Unhelpfully for the Commission, the fund has received early criticism on several fronts. There have been rumblings about the misuse of funds: some national governments are accused of trying to use the money to finance pet projects (one small central European country which shall not be named wanted to establish a new national flag carrier!). Others are accused of lining up projects solely in areas where the governing party receives its electoral support (looking at you Hungary…). The director-general of the EU’s anti-fraud office recently voiced his concerns about shortcomings in the oversight of funds.
There is also the issue of rule of law conditionality, with Hungary and Poland the main targets. There has recently been ugly wrangling between the European Parliament, which tends to be more outspoken on rule of law matters, and the Commission, which tries to keep its head beneath the parapet: Hungary’s plan is expected to be approved by the Commission on 12 July and parliamentarians are pushing for this to be delayed. There are also worries among environmentalists about ‘greenwashing’: Green MEPs have raised concerns that a number of spending priorities in the national plans were only superficially in line with the fund’s environmental priorities.
Horses for courses
It is worth keeping in mind that the fund will inevitably mean different things to different countries. There is little in common, for example, between Denmark, which has ridden the economic hit relatively well, and Spain, whose economy contracted 10.8% in 2020. France and Germany, for their part, have taken a rather haughty attitude to Commission scrutiny of their national plans, believing (correctly, it must be said) that the initiative would not have happened without their support. The Portuguese and Greek governments are thought to have been among the most proactive and professional in their dealings with the Commission. Some countries are in greater need of hand-holding than others: Bulgaria, for example, lacks relevant know-how in its administration yet is in line to receive a sum equivalent to a whopping 10% of GDP.

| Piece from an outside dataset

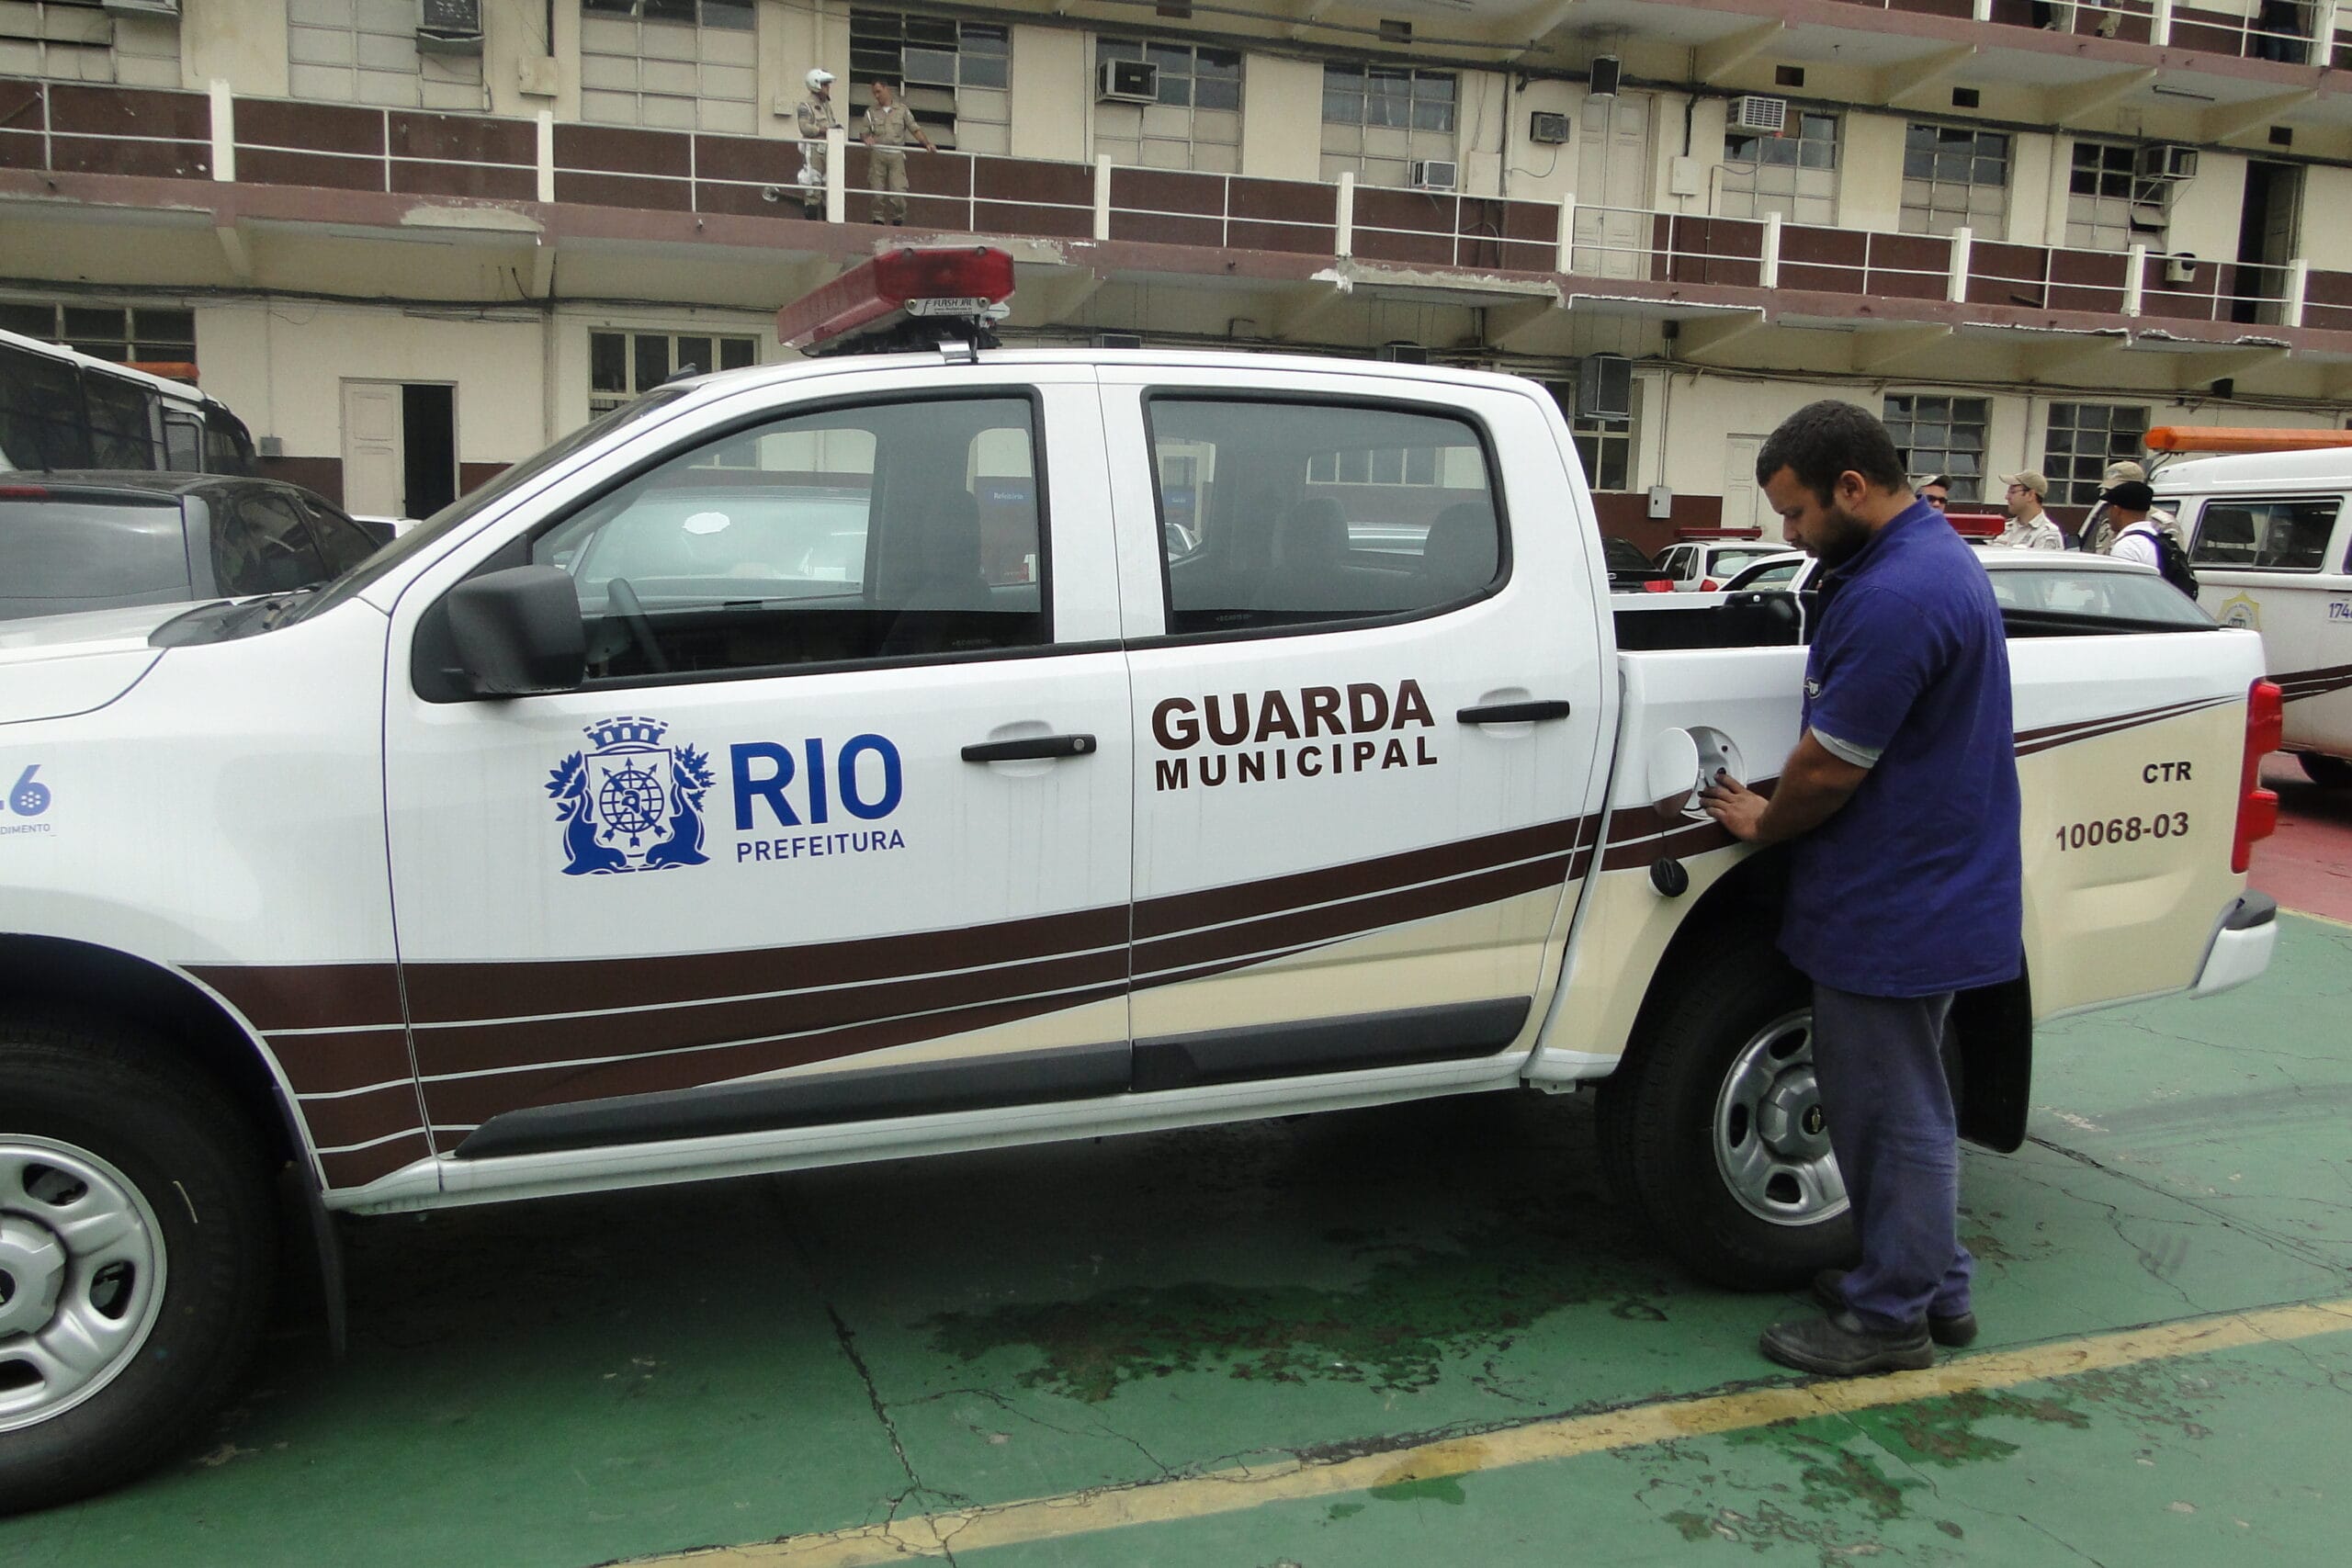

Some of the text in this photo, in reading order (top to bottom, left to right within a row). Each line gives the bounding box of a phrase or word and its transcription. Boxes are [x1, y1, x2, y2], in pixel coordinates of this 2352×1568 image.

Italy is a particularly interesting case and it will be closely watched. It was the hardest hit by the initial health crisis and will be the fund’s biggest beneficiary. Under new Prime Minister Mario Draghi the country has come to be seen in Brussels as something of a star pupil, and much is expected of its national plan. Netherlands, by contrast, has not even got around to submitting its plan, and with government coalition talks still ongoing no one is expecting one any time soon.
In Brussels the prevailing view is that the fund, if properly administered, could well prove to be a ‘Hamiltonian moment’ for the EU, an allusion to when Alexander Hamilton, the first secretary of the US Treasury, brought about the first issuance of common debt between US states in 1791, cementing the inexorable path towards statehood. Comparisons are clearly premature, but it is not inconceivable that the fund comes to be seen as a crucial step towards longer-term fiscal integration. The danger for the EU, however, is that even if the fund founders because of problems at national government level, it will be the Commission – and potentially the EU project as a whole – that takes the hit.